The argatroban (Novastan, Mitsubishi Pharma Corporation, Osaka, Japan) was injected at a loading dose of 60 mg/day by continuous intravenous infusion for the first two days, followed by intravenous infusion of 20 mg/day in two divided doses over three hours for subsequent five days. The targeting activated partial thromboplastin time was about 1.5 times the baseline level. CT was evaluated routinely after termination of IV argatroban, but when neurological deterioration was detected, emergent CT was performed in order to detect any hemorrhage or progression of infarcted area which could result in serious intracranial hypertension.

The appropriate antiplatelet agent (aspirin with clopidogrel or cilostazol) was administered after termination of IV argatroban and maintained during follow-up in all patients.

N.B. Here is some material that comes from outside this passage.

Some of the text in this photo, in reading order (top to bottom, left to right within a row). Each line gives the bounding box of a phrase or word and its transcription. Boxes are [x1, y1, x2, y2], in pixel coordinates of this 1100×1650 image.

Outcome and hemorrhagic risk evaluation

All patients were discharged within two weeks from admission and were follow-up in the outpatient clinic. The NIHSS score was obtained at admission, upon discharge, and after three months. The NIHSS score at admission was compared with the score upon discharge and after three months. A good outcome was defined as a decreased NIHSS score above 4 point of the initial score at admission, or the score equal to 0 or 1 upon discharge or after three months8,21,25). Also, the outcome was analyzed according to the initial stroke severity, stroke subtype, and stroke location.

A symptomatic hemorrhage was defined as a homogenous hemorrhage area on follow-up CT and a concomitant neurological deterioration which was defined as an increase in the NIHSS score of ≥ 4 points17). The rest was considered as asymptomatic hemorrhage.

RESULTS

Outcome and hemorrhagic risk evaluation (Table 2, Fig. 1)

Fig. 1
Bar graph shows the overall outcome of argatroban.
Table 2
Outcome and hemorrhagic risk

Three month follow-up results were obtained in all patients. There was no death of patient involved in this study. The median NIHSS was 8.0 (range, 3-20) at admission, 4.1 (range, 0-18) upon discharge, and 3.3 (range, 0-17) after three months.

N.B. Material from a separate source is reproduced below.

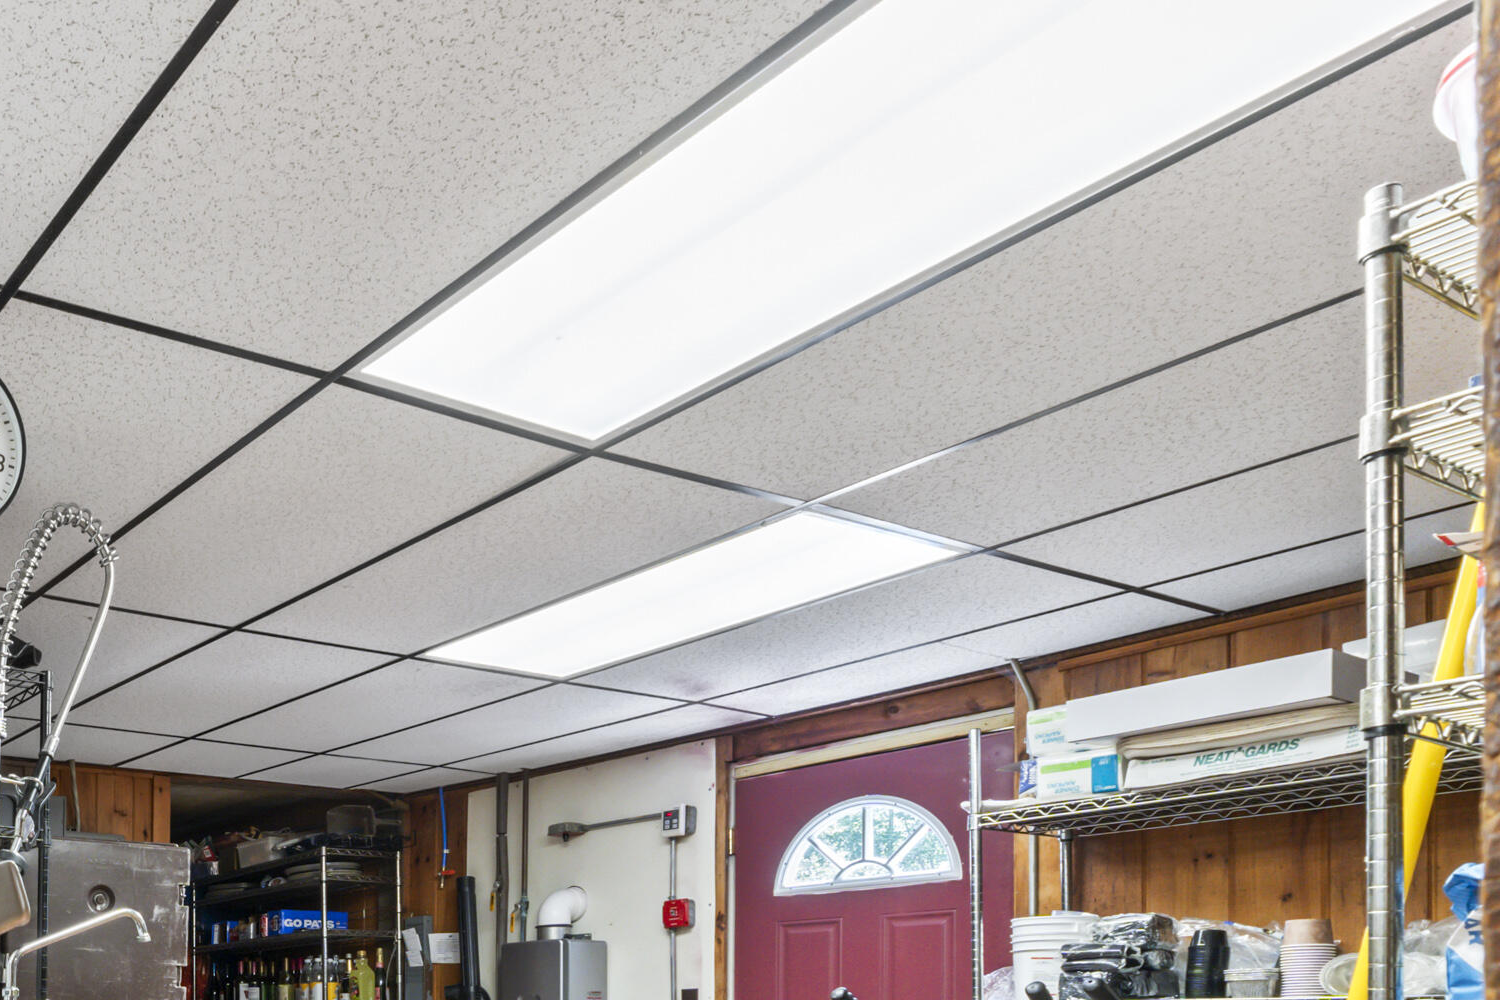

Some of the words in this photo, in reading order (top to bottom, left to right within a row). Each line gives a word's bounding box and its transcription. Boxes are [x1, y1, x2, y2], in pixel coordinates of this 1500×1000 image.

A good outcome was achieved in 65 patients (81%) upon discharge and in 71 patients (88%) after three months. Upon discharge, among 15 patients who showed poor outcome, no patients showed worsening or unchanged NIHSS score and all patients showed minimally improved NIHSS score (below three points). After three months, the six patients achieved additional good outcome. Additionally, among the patients who showed good outcome upon discharge, no neurological deterioration was observed during follow-up. Consequently, we achieved overall good outcome with IV argatroban.

A symptomatic hemorrhage was detected in only two patients (3%) and asymptomatic hemorrhage in six (8%). Consequently, we achieved low symptomatic hemorrhage rate with IV argatroban.

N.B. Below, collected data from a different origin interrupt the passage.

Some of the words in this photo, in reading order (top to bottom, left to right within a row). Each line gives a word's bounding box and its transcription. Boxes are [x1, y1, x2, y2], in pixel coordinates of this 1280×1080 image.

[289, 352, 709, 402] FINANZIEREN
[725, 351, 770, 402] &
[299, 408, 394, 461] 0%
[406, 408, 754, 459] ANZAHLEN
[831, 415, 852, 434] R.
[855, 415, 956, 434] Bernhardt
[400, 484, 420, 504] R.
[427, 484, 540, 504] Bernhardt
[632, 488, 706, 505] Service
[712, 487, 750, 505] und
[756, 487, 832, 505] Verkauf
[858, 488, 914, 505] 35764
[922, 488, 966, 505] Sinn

Outcome according to stroke severity, subtype, location (Table 3)

Table 3
Outcome according to stroke severity, subtype, and location

Among 44 patients who revealed mild stroke, good outcome was achieved in 35 patients (80%) upon discharge and in 40 (91%) after three months. Among 32 patients who revealed moderate stroke, good outcome was achieved in 28 patients (86%) upon discharge and in 29 (91%) after three months. Among four patients who revealed severe stroke, good outcome was achieved in two patients (50%) upon discharge and after three months. Consequently, IV argatroban was effective for mild and moderate, and for some patients with severe stroke.

Among 19 patients who were diagnosed as cardioembolic stroke, good outcome was achieved in 15 patients (79%) upon discharge and in 17 (89%) after three months. Among 61 patients who were diagnosed as atherothrombotic stroke, good outcome was achieved in 50 patients (82%) upon discharge and in 54 (89%) after three months. Consequently, IV argatroban was equally effective for cardioembolic and atherothrombotic stroke.

Among 44 patients who revealed right-sided stroke, good outcome was achieved in 38 patients (86%) upon discharge and in 41 (93%) after three months. Among 36 patients who revealed left-sided stroke, good outcome was achieved in 27 patients (75%) upon discharge and in 30 (83%) after three months. Consequently, IV argatroban was equally effective for right- and left-sided stroke.

Among 54 patients who revealed anterior circulation stroke, good outcome was achieved in 45 patients (83%) upon discharge and in 47 (87%) after three months. Among 26 patients who revealed posterior circulation stroke, good outcome was achieved in 20 patients (77%) upon discharge and in 24 (92%) after three months. Consequently, IV argatroban was equally effective for anterior and posterior circulation stroke.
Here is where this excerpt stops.